## WHAT IS EXPECTED
Before returning the data, strip out the pictures and keep everything else exactly the same.

━━━

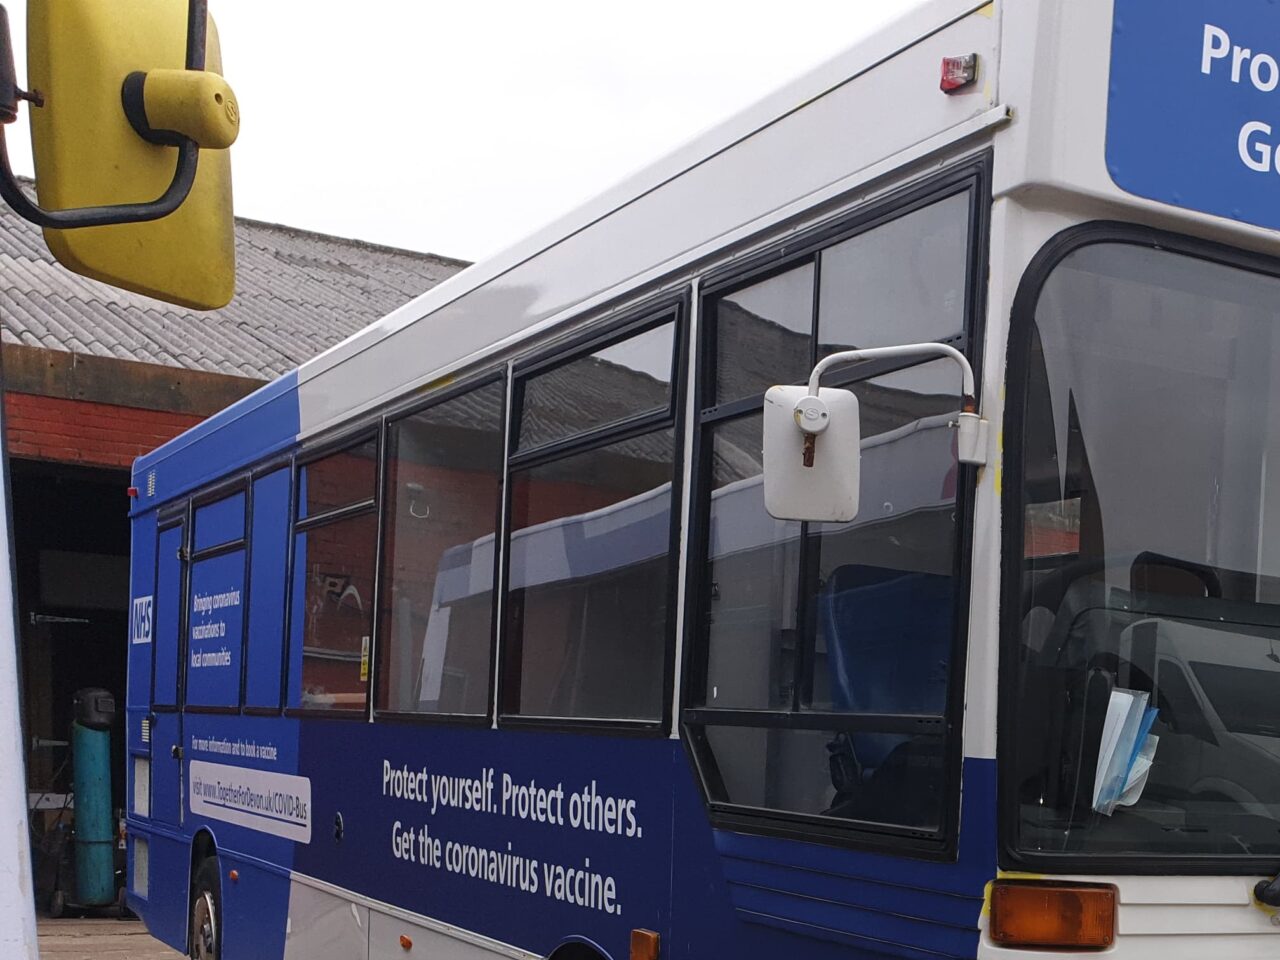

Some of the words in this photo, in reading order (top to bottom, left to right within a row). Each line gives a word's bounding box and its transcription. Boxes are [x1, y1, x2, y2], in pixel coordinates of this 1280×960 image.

[194, 592, 213, 615] Bringing
[213, 586, 240, 609] coronavirus
[133, 599, 152, 640] NHS
[192, 620, 220, 640] vaccinations
[219, 620, 226, 637] to
[191, 648, 202, 667] local
[202, 646, 231, 667] communities
[198, 739, 208, 752] more
[208, 735, 232, 755] information
[231, 738, 240, 756] and
[240, 741, 246, 757] to
[245, 738, 256, 758] book
[259, 741, 277, 760] vaccine
[192, 776, 203, 797] visit
[382, 759, 428, 802] Protect
[431, 767, 497, 815] yourself.
[502, 773, 564, 826] Protect
[568, 780, 643, 838] others.
[392, 820, 416, 863] Get
[418, 824, 442, 868] the
[445, 841, 539, 894] coronavirus
[543, 857, 622, 915] vaccine.

━━━

## RESPONSE BELOW
Some of the words in this photo, in reading order (top to bottom, left to right within a row). Each line gives a word's bounding box and its transcription. Boxes are [x1, y1, x2, y2], in pixel coordinates of this 1280×960 image.

[194, 592, 213, 615] Bringing
[213, 586, 240, 609] coronavirus
[133, 599, 152, 640] NHS
[192, 620, 220, 640] vaccinations
[219, 620, 226, 637] to
[191, 648, 202, 667] local
[202, 646, 231, 667] communities
[198, 739, 208, 752] more
[208, 735, 232, 755] information
[231, 738, 240, 756] and
[240, 741, 246, 757] to
[245, 738, 256, 758] book
[259, 741, 277, 760] vaccine
[192, 776, 203, 797] visit
[382, 759, 428, 802] Protect
[431, 767, 497, 815] yourself.
[502, 773, 564, 826] Protect
[568, 780, 643, 838] others.
[392, 820, 416, 863] Get
[418, 824, 442, 868] the
[445, 841, 539, 894] coronavirus
[543, 857, 622, 915] vaccine.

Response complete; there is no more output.